Set down a faithful copy of every record, and skip the pictures in it.
**** Data supplied ****
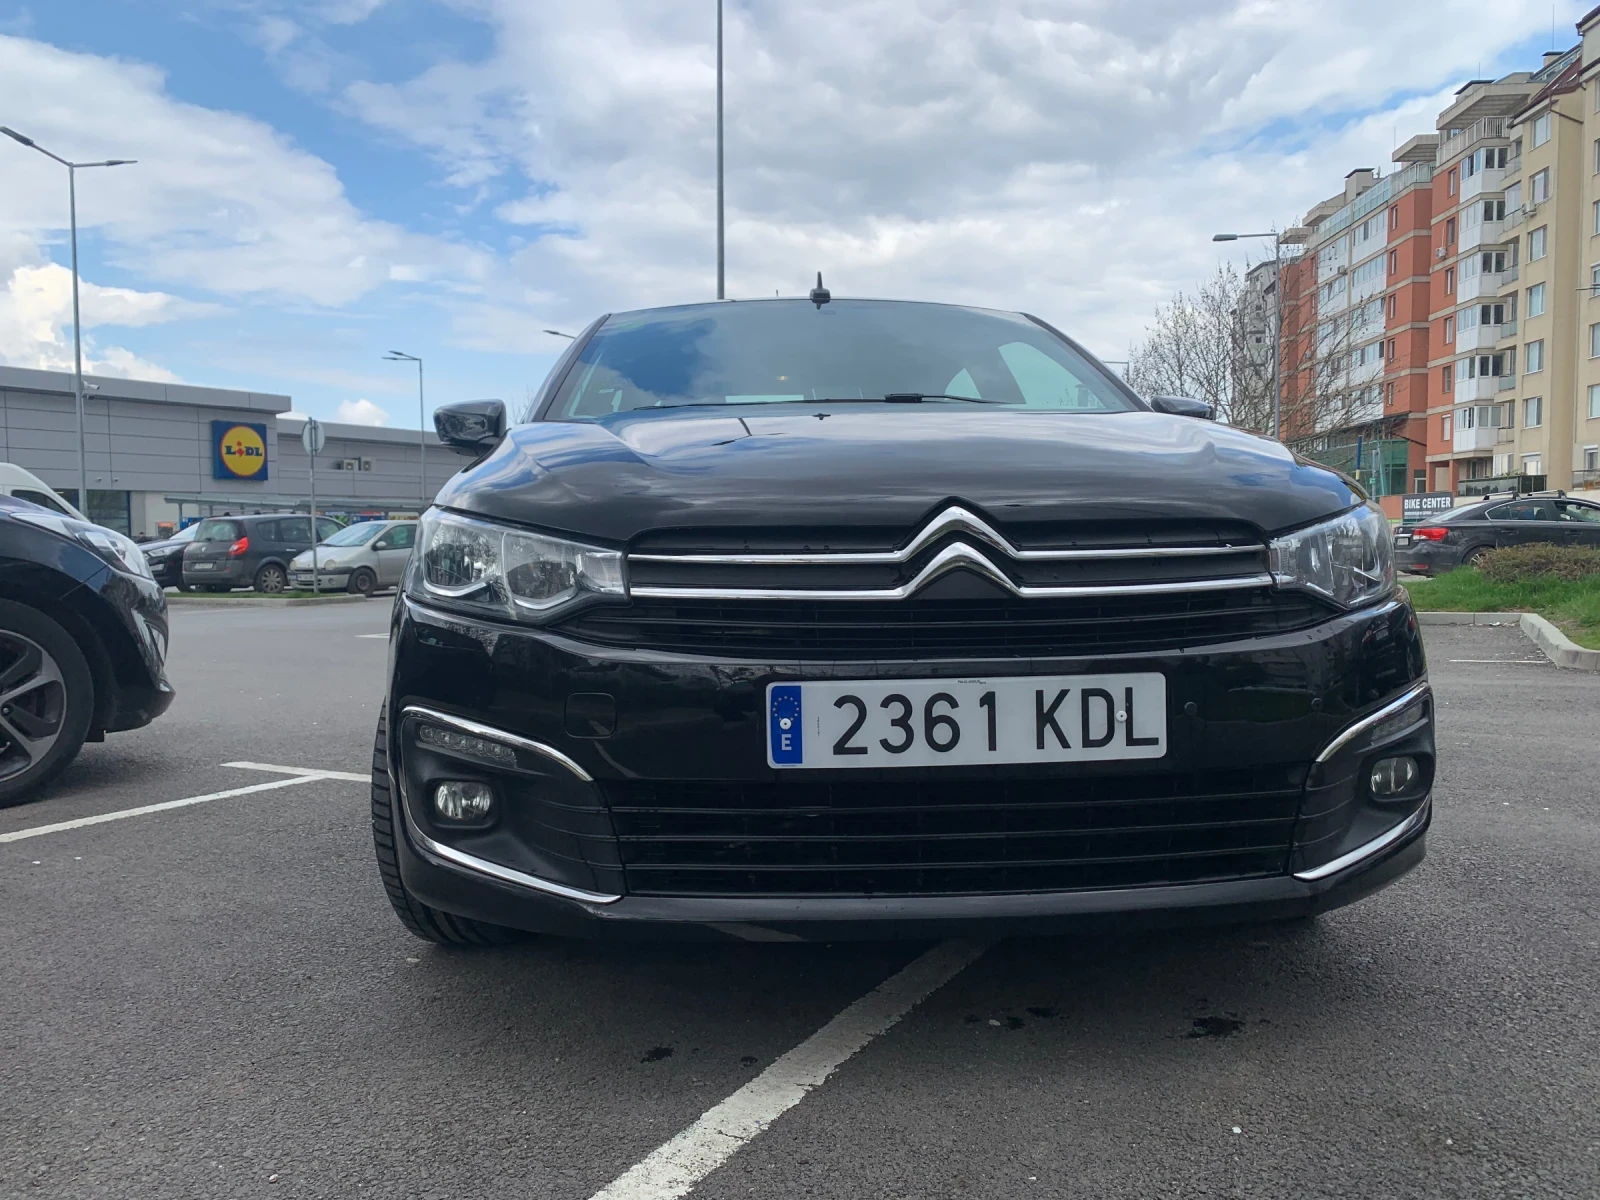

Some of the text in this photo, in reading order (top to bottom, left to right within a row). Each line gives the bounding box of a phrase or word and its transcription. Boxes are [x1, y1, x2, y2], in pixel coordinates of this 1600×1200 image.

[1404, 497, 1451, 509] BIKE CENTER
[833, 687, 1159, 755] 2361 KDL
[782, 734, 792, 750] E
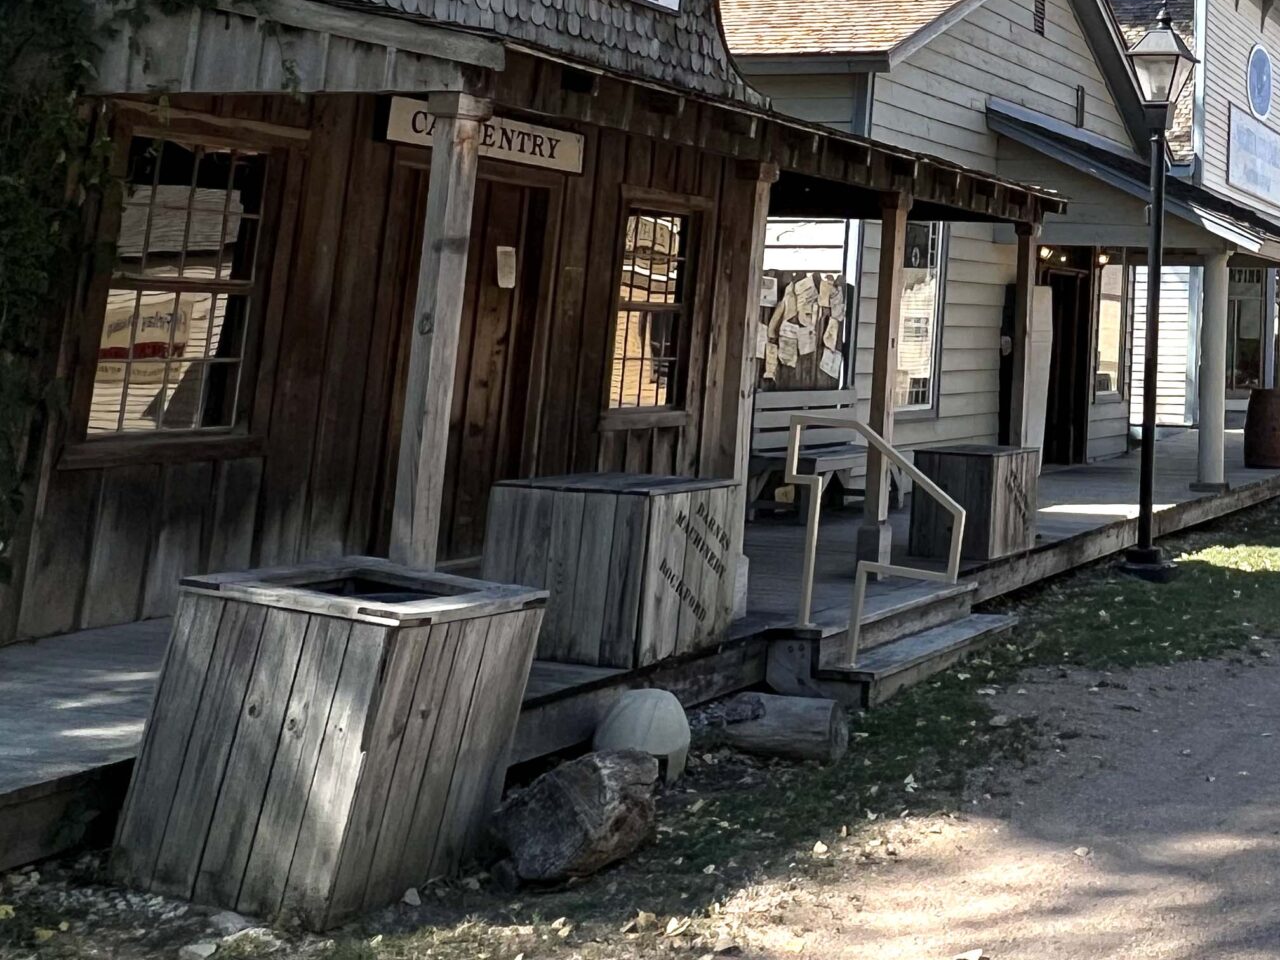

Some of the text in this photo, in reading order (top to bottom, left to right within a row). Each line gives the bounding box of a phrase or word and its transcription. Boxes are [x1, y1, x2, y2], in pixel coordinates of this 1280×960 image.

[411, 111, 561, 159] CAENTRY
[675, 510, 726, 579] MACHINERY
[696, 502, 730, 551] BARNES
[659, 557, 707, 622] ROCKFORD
****
* [Completed exercise]
Some of the text in this photo, in reading order (top to bottom, left to right within a row). Each line gives the bounding box of a phrase or word and its transcription. Boxes are [x1, y1, x2, y2], in pixel coordinates of this 1600×1200 image.

[1404, 497, 1451, 509] BIKE CENTER
[833, 687, 1159, 755] 2361 KDL
[782, 734, 792, 750] E

Some of the text in this photo, in reading order (top to bottom, left to right within a row). Each line gives the bounding box of a phrase or word and its transcription. Boxes are [x1, y1, x2, y2], in pixel coordinates of this 1280×960 image.

[411, 111, 561, 159] CAENTRY
[675, 510, 726, 579] MACHINERY
[696, 502, 730, 551] BARNES
[659, 557, 707, 622] ROCKFORD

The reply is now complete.